I'm currently trying to build a half-bridge PWM speed controller for a 24 V, ~100 A, 2 hp brushed dc motor (circuit schematic is at the end; I made it using parts of other schematics found on the net) (circuit layout pictures also in the post).

It worked fine when controlling a small 12 V toy car motor.

When I tried hooking up my final layout (2 hp motor, 12 V lithium battery for the driver Vcc, two 12 V car batteries in series for the motor), it worked fine until the driver (IR2103(S)) started smoking, then sparked and finally caught on fire (cf. following picture showing blown up driver).

[It seems like the blowup is located at pin number 6, which is vs. too much current going in the driver from the motor?]

enter image description here

Something I've noticed when driving both the small and large motors, is that the motor speed reaches a maximum at around ~80% of the 100 kΩ potentiometer range, then falls off when I would've expected it to keep increasing. The oscilloscope reading of the 555 output showed 100% duty cycle but with a lot of instabilities and noise when going in that region.

When I tested with the large motor, the driver blew out when I reached that "fall-off" region and stayed there for a few seconds.
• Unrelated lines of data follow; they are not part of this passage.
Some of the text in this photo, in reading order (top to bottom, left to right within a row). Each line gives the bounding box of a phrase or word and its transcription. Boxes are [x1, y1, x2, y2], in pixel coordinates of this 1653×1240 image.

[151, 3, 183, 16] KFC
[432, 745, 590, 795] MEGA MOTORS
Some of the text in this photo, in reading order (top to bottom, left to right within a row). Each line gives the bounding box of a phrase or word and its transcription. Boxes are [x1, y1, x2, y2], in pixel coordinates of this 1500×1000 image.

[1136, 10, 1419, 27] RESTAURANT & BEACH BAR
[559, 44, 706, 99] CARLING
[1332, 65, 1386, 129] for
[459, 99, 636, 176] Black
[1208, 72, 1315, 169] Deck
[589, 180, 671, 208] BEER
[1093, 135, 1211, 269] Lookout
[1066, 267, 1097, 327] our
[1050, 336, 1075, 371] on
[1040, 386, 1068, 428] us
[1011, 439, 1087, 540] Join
I also wasn't using the large 10 µF capacitor across the 24 V battery and the RC snubber.

Here are my ideas of what caused the driver failure:

  • Lack of capacitor across the 24 V battery

  • Lack of RC snubber across the motor

  • 555 timer unstable beyond 80% of potentiometer range

  • Too much current going through the driver, causing it to fail due to overheating

  • Lack of MOSFET gate resistors?

Here are my questions:

  • Could you please help me identify what caused this driver failure?

  • Could you give me some advice to help me improve my driver circuit design (missing components, poor component choice, wires too long, parasitic inductance/capacitance, etc.)?
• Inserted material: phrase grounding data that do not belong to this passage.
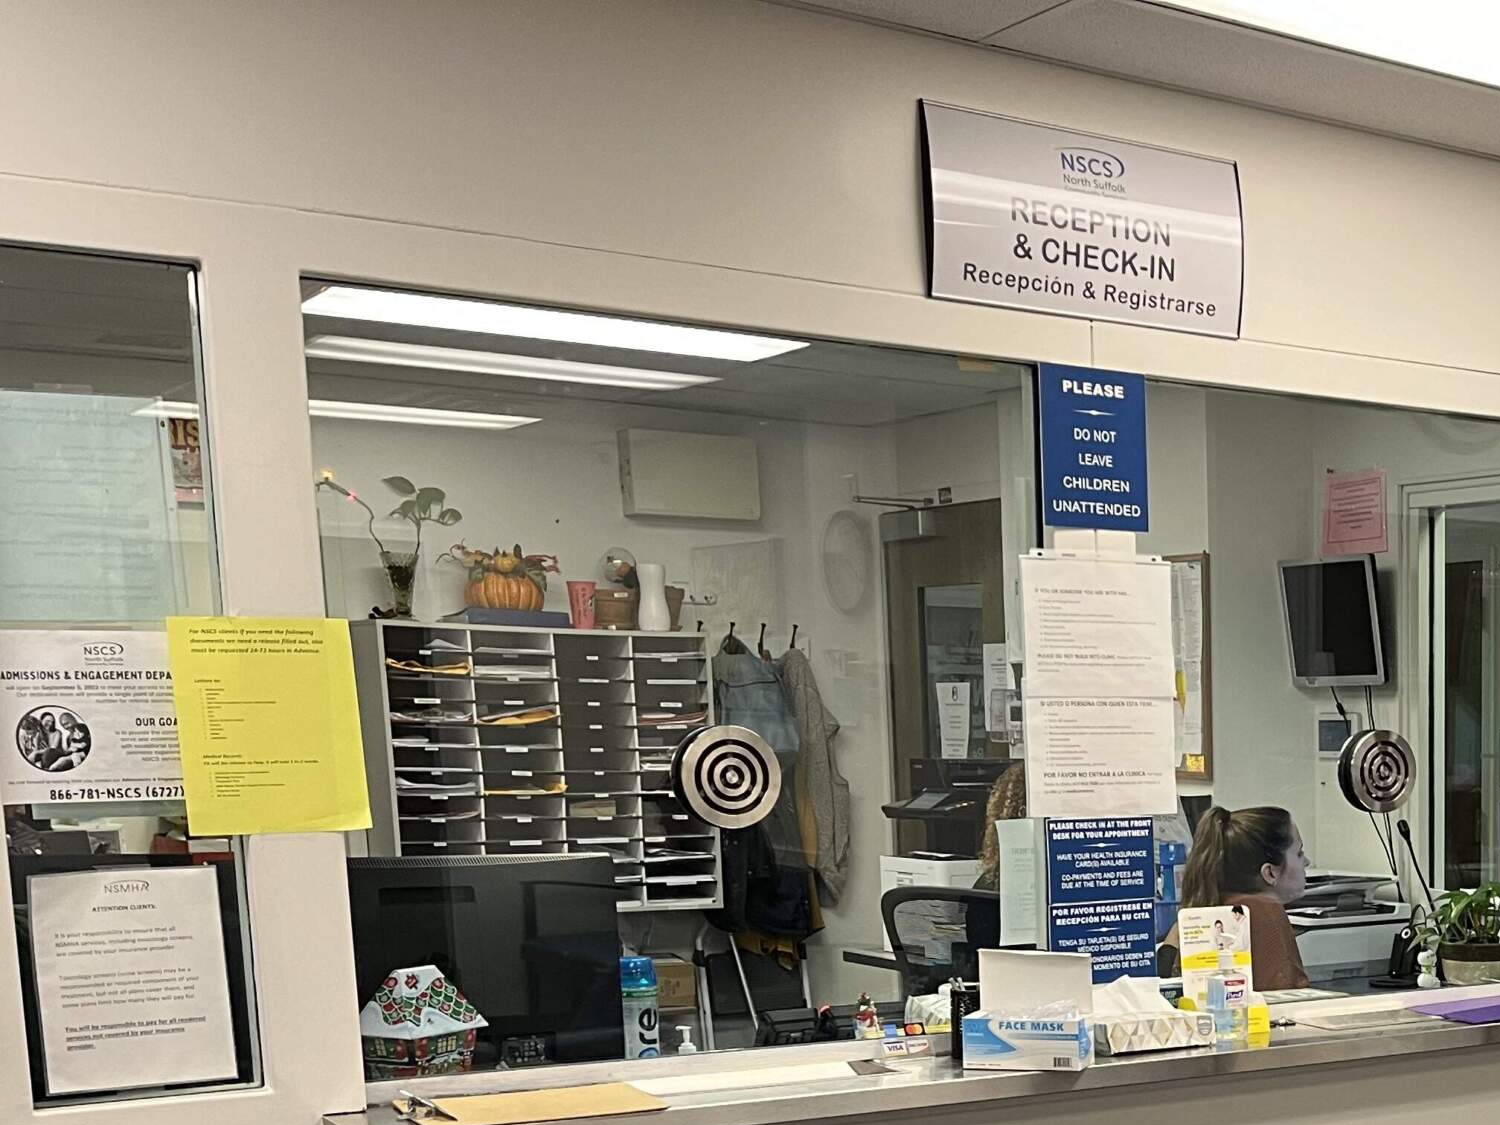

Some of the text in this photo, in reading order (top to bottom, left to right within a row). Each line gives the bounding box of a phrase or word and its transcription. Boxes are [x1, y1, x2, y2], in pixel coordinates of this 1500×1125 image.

[1061, 152, 1113, 178] NSCS
[1063, 174, 1127, 193] North Suffolk
[1011, 196, 1171, 247] RECEPTION
[1013, 233, 1175, 282] & CHECK-IN
[963, 262, 1216, 317] Recepción & Registrarse
[1062, 379, 1125, 399] PLEASE
[1073, 427, 1116, 443] DO NOT
[1078, 452, 1113, 468] LEAVE
[1062, 475, 1130, 493] CHILDREN
[1052, 499, 1141, 517] UNATTENDED
[84, 646, 116, 656] NSCS
[0, 671, 172, 680] ADMISSIONS & ENGAGEMENT DEPA
[136, 718, 178, 726] OUR GOA
[50, 785, 185, 800] 866-781-NSCS (6727)
[1049, 822, 1074, 830] PLEASE
[1075, 821, 1097, 829] CHECK
[1116, 820, 1129, 828] THE
[1130, 819, 1151, 827] FRONT
[1053, 829, 1149, 840] DESK FOR YOUR APPOINTMENT
[1073, 852, 1090, 860] YOUR
[1091, 851, 1113, 859] HEALTH
[1114, 850, 1147, 858] INSURANCE
[1120, 878, 1144, 886] SERVICE
[1052, 908, 1069, 916] POR
[1070, 907, 1094, 915] FAVOR
[1056, 915, 1100, 926] RECEPCIÓN
[1101, 914, 1120, 923] PARA
[1133, 912, 1150, 920] CITA
[1091, 954, 1124, 963] ONORARIOS
[998, 1021, 1064, 1031] FACE MASK
  • Could you help me understand and solve that 555 timer "fall-off" issue?

Here are the schematics of the circuit:

enter image description here

enter image description here

Here is a picture of the layout (without the motor and the batteries), with the MOSFET circuit on the right-hand side; I used aluminium strips for the large amperage (this will be cooled by a fan in the final build); I've also added a switch for the 24 V battery (in black); larger wires are the fours wires going to the MOSFET circuit (HO, LO, Vs and GND); smaller wires are Vcc, GND and the three potentiometer wires:

enter image description here

ADDED:

@EdinFifić Is this the circuit you suggest I should try?:

enter image description here

There are a few things I don't quite get:

  • Using a driver with a second MOSFET will give a lower voltage drop on the "off" part of the PWM cycle because instead of going through the body diode (in red), the back-emf current will go through a fully conducting MOSFET (which has a lower voltage drop)? Have I understood right?
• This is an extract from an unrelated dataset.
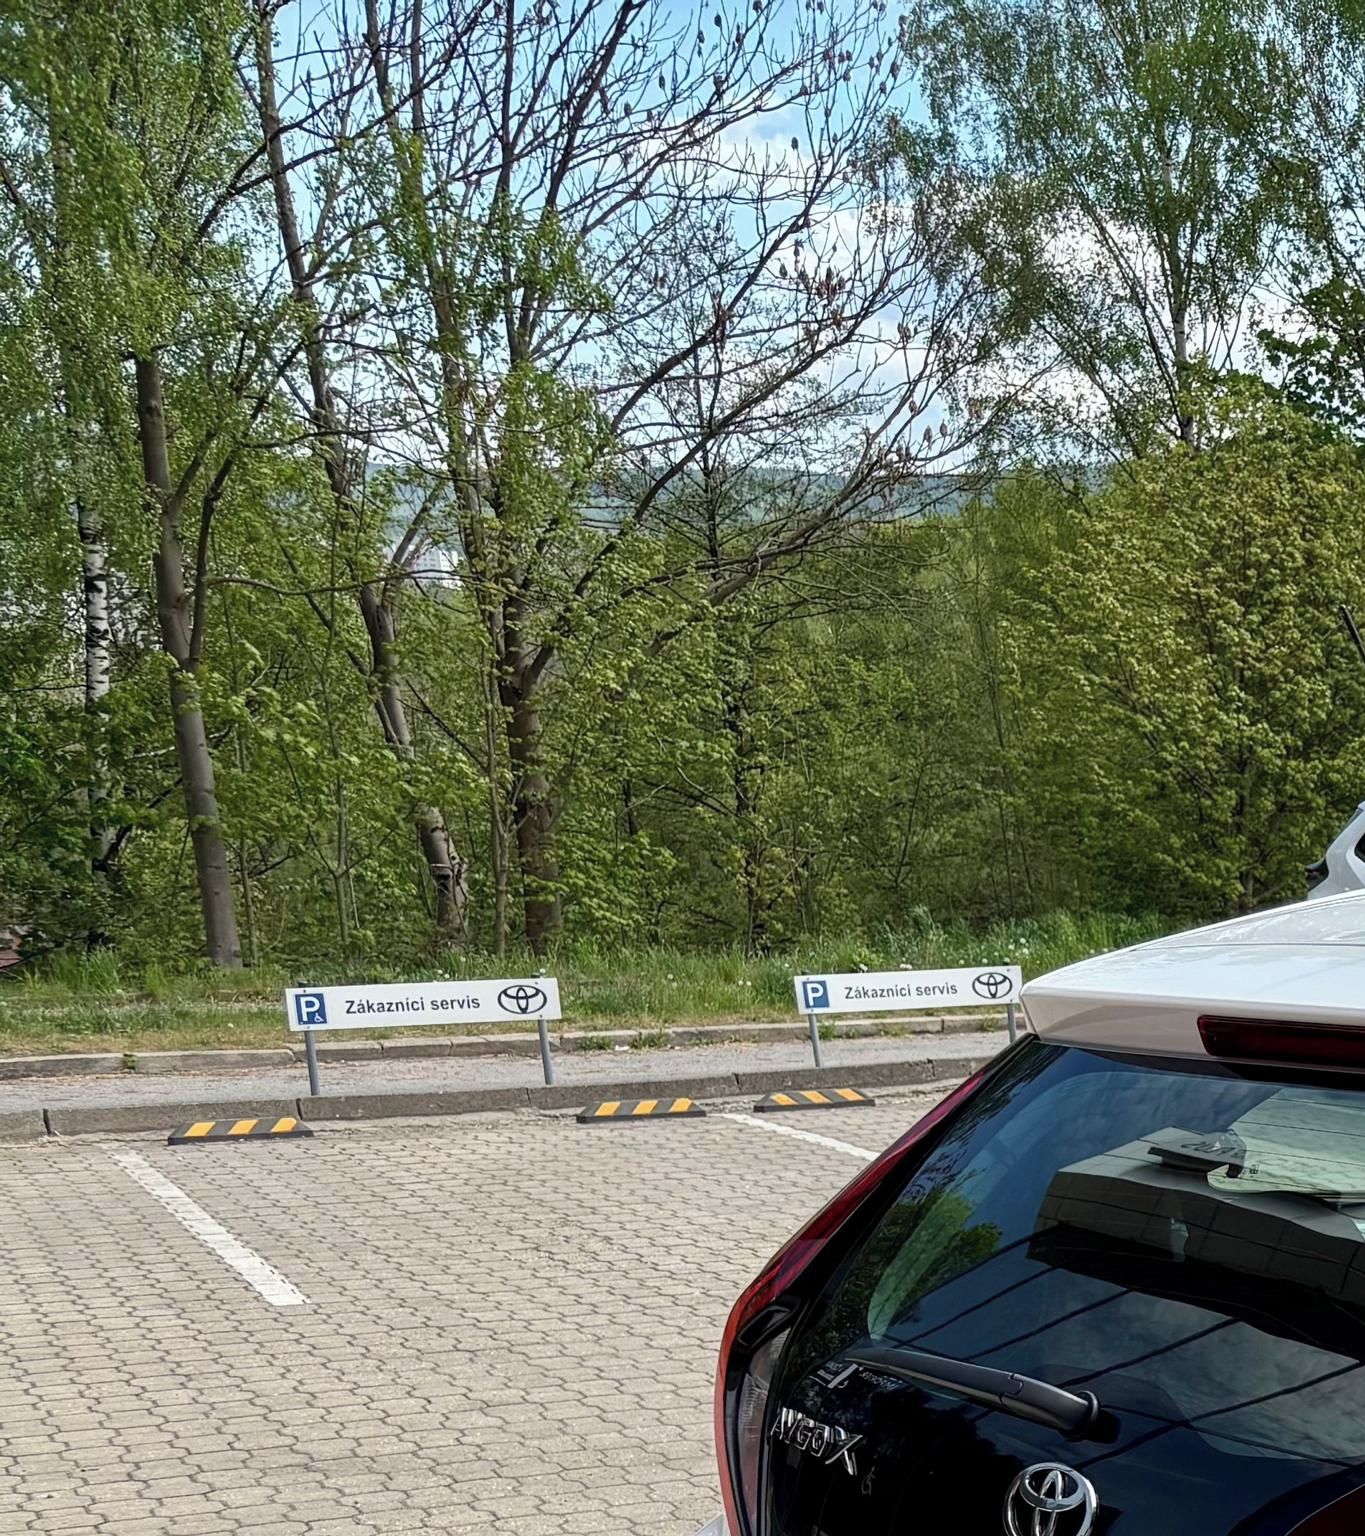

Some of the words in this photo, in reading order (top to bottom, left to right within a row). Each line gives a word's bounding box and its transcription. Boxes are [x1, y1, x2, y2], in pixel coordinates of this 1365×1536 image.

[844, 983, 911, 1000] Zákazníci
[916, 981, 958, 997] servis
[345, 996, 425, 1015] Zákazníci
[430, 995, 480, 1011] servis
  • What are the advantages to using a driver (and a second MOSFET) apart from the lower voltage drop then? Maybe it is more useful for smaller motors where voltage drops matter a lot more?

  • Shouldn't there be some kind of buffer between the 555 output and the MOSFET gate?

  • Should the grounds of both the 12 V Vcc battery and the main motor battery be connected?

  • If I choose to use a driver, which one would you recommend and/or which datasheet characteristics should I pay the most attention to?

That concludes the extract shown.